EXCERPTED DATA:
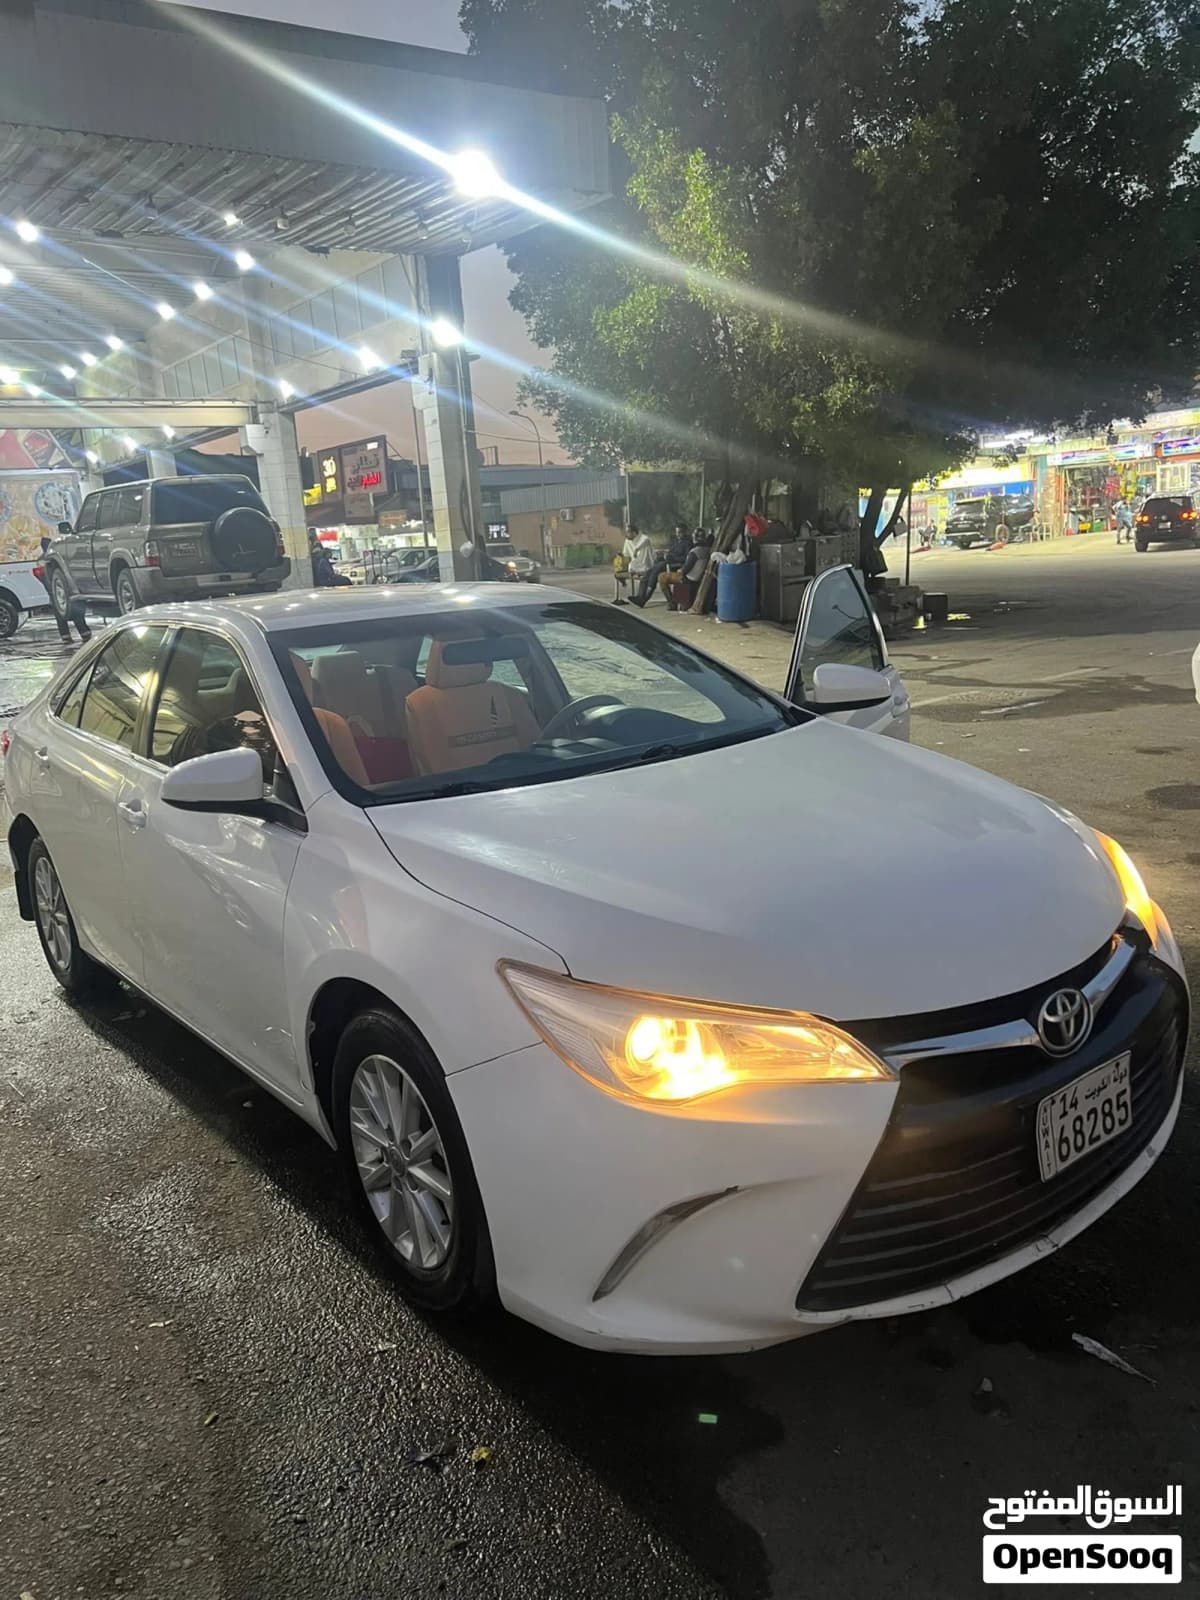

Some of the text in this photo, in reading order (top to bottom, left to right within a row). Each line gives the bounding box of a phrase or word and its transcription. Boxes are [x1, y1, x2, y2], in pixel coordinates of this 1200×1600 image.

[1059, 1086, 1079, 1119] 14
[1085, 1066, 1128, 1100] دولة الكويت
[1041, 1106, 1051, 1171] KUWAIT
[1058, 1088, 1129, 1162] 68285

BRIEF: Reproduce the data above exactly, leaving each picture out.

TASK RESULT:
Some of the text in this photo, in reading order (top to bottom, left to right within a row). Each line gives the bounding box of a phrase or word and its transcription. Boxes are [x1, y1, x2, y2], in pixel coordinates of this 1200×1600 image.

[1059, 1086, 1079, 1119] 14
[1085, 1066, 1128, 1100] دولة الكويت
[1041, 1106, 1051, 1171] KUWAIT
[1058, 1088, 1129, 1162] 68285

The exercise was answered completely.